Start of Provided entries

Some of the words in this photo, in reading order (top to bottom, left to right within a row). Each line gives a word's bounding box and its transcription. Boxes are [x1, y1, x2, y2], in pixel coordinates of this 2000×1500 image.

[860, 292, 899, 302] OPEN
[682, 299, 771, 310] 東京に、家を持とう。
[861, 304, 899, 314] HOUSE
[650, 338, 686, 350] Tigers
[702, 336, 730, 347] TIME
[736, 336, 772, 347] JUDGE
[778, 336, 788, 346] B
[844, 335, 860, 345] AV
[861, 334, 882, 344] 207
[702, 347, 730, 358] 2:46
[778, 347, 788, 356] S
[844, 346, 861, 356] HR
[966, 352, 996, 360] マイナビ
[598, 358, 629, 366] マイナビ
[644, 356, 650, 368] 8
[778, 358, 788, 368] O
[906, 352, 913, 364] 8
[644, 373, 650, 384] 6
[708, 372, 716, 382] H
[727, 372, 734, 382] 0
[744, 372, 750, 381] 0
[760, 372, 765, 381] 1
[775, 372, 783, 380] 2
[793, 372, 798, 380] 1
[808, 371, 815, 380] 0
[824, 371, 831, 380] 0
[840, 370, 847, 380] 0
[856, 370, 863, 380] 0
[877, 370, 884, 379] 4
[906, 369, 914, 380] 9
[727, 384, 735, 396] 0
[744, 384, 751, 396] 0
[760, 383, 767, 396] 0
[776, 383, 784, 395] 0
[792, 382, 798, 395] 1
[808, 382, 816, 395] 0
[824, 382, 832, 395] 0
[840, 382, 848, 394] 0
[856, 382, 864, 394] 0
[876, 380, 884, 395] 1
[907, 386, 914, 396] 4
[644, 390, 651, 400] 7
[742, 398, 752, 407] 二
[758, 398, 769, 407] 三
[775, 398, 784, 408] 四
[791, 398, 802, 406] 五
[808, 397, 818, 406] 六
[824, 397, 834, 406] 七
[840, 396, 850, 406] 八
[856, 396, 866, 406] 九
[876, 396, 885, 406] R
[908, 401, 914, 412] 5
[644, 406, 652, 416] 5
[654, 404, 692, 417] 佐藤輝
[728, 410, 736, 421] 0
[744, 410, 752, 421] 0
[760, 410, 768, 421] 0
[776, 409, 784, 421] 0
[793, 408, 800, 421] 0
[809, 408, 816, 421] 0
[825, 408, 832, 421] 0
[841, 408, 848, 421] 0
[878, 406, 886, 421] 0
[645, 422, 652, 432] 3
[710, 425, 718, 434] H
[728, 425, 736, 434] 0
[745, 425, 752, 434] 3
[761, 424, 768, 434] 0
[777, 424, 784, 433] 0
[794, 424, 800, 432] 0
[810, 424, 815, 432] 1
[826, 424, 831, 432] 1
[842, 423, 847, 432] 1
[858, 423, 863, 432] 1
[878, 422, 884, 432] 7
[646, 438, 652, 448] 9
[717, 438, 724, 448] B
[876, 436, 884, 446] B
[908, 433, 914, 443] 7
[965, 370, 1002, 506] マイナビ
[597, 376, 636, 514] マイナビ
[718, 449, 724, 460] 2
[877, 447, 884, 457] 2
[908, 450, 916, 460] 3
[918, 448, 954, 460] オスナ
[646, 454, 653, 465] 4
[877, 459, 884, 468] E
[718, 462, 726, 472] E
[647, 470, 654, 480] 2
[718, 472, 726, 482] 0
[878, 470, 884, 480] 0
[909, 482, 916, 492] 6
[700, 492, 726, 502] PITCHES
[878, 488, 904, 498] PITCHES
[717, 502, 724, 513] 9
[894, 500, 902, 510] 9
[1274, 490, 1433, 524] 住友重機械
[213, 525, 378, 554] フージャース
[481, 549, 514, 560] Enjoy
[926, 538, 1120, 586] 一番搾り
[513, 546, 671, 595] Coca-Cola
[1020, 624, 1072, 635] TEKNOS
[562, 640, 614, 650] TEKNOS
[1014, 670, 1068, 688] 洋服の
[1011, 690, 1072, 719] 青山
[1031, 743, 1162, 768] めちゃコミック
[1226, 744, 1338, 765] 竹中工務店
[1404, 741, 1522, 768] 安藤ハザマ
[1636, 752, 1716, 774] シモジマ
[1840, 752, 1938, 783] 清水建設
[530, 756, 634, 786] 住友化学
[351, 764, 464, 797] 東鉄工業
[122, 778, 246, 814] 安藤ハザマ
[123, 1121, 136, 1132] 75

End of Provided entries

### Task requirements
Output the data once more, exactly as given.

### Your response
Some of the words in this photo, in reading order (top to bottom, left to right within a row). Each line gives a word's bounding box and its transcription. Boxes are [x1, y1, x2, y2], in pixel coordinates of this 2000×1500 image.

[860, 292, 899, 302] OPEN
[682, 299, 771, 310] 東京に、家を持とう。
[861, 304, 899, 314] HOUSE
[650, 338, 686, 350] Tigers
[702, 336, 730, 347] TIME
[736, 336, 772, 347] JUDGE
[778, 336, 788, 346] B
[844, 335, 860, 345] AV
[861, 334, 882, 344] 207
[702, 347, 730, 358] 2:46
[778, 347, 788, 356] S
[844, 346, 861, 356] HR
[966, 352, 996, 360] マイナビ
[598, 358, 629, 366] マイナビ
[644, 356, 650, 368] 8
[778, 358, 788, 368] O
[906, 352, 913, 364] 8
[644, 373, 650, 384] 6
[708, 372, 716, 382] H
[727, 372, 734, 382] 0
[744, 372, 750, 381] 0
[760, 372, 765, 381] 1
[775, 372, 783, 380] 2
[793, 372, 798, 380] 1
[808, 371, 815, 380] 0
[824, 371, 831, 380] 0
[840, 370, 847, 380] 0
[856, 370, 863, 380] 0
[877, 370, 884, 379] 4
[906, 369, 914, 380] 9
[727, 384, 735, 396] 0
[744, 384, 751, 396] 0
[760, 383, 767, 396] 0
[776, 383, 784, 395] 0
[792, 382, 798, 395] 1
[808, 382, 816, 395] 0
[824, 382, 832, 395] 0
[840, 382, 848, 394] 0
[856, 382, 864, 394] 0
[876, 380, 884, 395] 1
[907, 386, 914, 396] 4
[644, 390, 651, 400] 7
[742, 398, 752, 407] 二
[758, 398, 769, 407] 三
[775, 398, 784, 408] 四
[791, 398, 802, 406] 五
[808, 397, 818, 406] 六
[824, 397, 834, 406] 七
[840, 396, 850, 406] 八
[856, 396, 866, 406] 九
[876, 396, 885, 406] R
[908, 401, 914, 412] 5
[644, 406, 652, 416] 5
[654, 404, 692, 417] 佐藤輝
[728, 410, 736, 421] 0
[744, 410, 752, 421] 0
[760, 410, 768, 421] 0
[776, 409, 784, 421] 0
[793, 408, 800, 421] 0
[809, 408, 816, 421] 0
[825, 408, 832, 421] 0
[841, 408, 848, 421] 0
[878, 406, 886, 421] 0
[645, 422, 652, 432] 3
[710, 425, 718, 434] H
[728, 425, 736, 434] 0
[745, 425, 752, 434] 3
[761, 424, 768, 434] 0
[777, 424, 784, 433] 0
[794, 424, 800, 432] 0
[810, 424, 815, 432] 1
[826, 424, 831, 432] 1
[842, 423, 847, 432] 1
[858, 423, 863, 432] 1
[878, 422, 884, 432] 7
[646, 438, 652, 448] 9
[717, 438, 724, 448] B
[876, 436, 884, 446] B
[908, 433, 914, 443] 7
[965, 370, 1002, 506] マイナビ
[597, 376, 636, 514] マイナビ
[718, 449, 724, 460] 2
[877, 447, 884, 457] 2
[908, 450, 916, 460] 3
[918, 448, 954, 460] オスナ
[646, 454, 653, 465] 4
[877, 459, 884, 468] E
[718, 462, 726, 472] E
[647, 470, 654, 480] 2
[718, 472, 726, 482] 0
[878, 470, 884, 480] 0
[909, 482, 916, 492] 6
[700, 492, 726, 502] PITCHES
[878, 488, 904, 498] PITCHES
[717, 502, 724, 513] 9
[894, 500, 902, 510] 9
[1274, 490, 1433, 524] 住友重機械
[213, 525, 378, 554] フージャース
[481, 549, 514, 560] Enjoy
[926, 538, 1120, 586] 一番搾り
[513, 546, 671, 595] Coca-Cola
[1020, 624, 1072, 635] TEKNOS
[562, 640, 614, 650] TEKNOS
[1014, 670, 1068, 688] 洋服の
[1011, 690, 1072, 719] 青山
[1031, 743, 1162, 768] めちゃコミック
[1226, 744, 1338, 765] 竹中工務店
[1404, 741, 1522, 768] 安藤ハザマ
[1636, 752, 1716, 774] シモジマ
[1840, 752, 1938, 783] 清水建設
[530, 756, 634, 786] 住友化学
[351, 764, 464, 797] 東鉄工業
[122, 778, 246, 814] 安藤ハザマ
[123, 1121, 136, 1132] 75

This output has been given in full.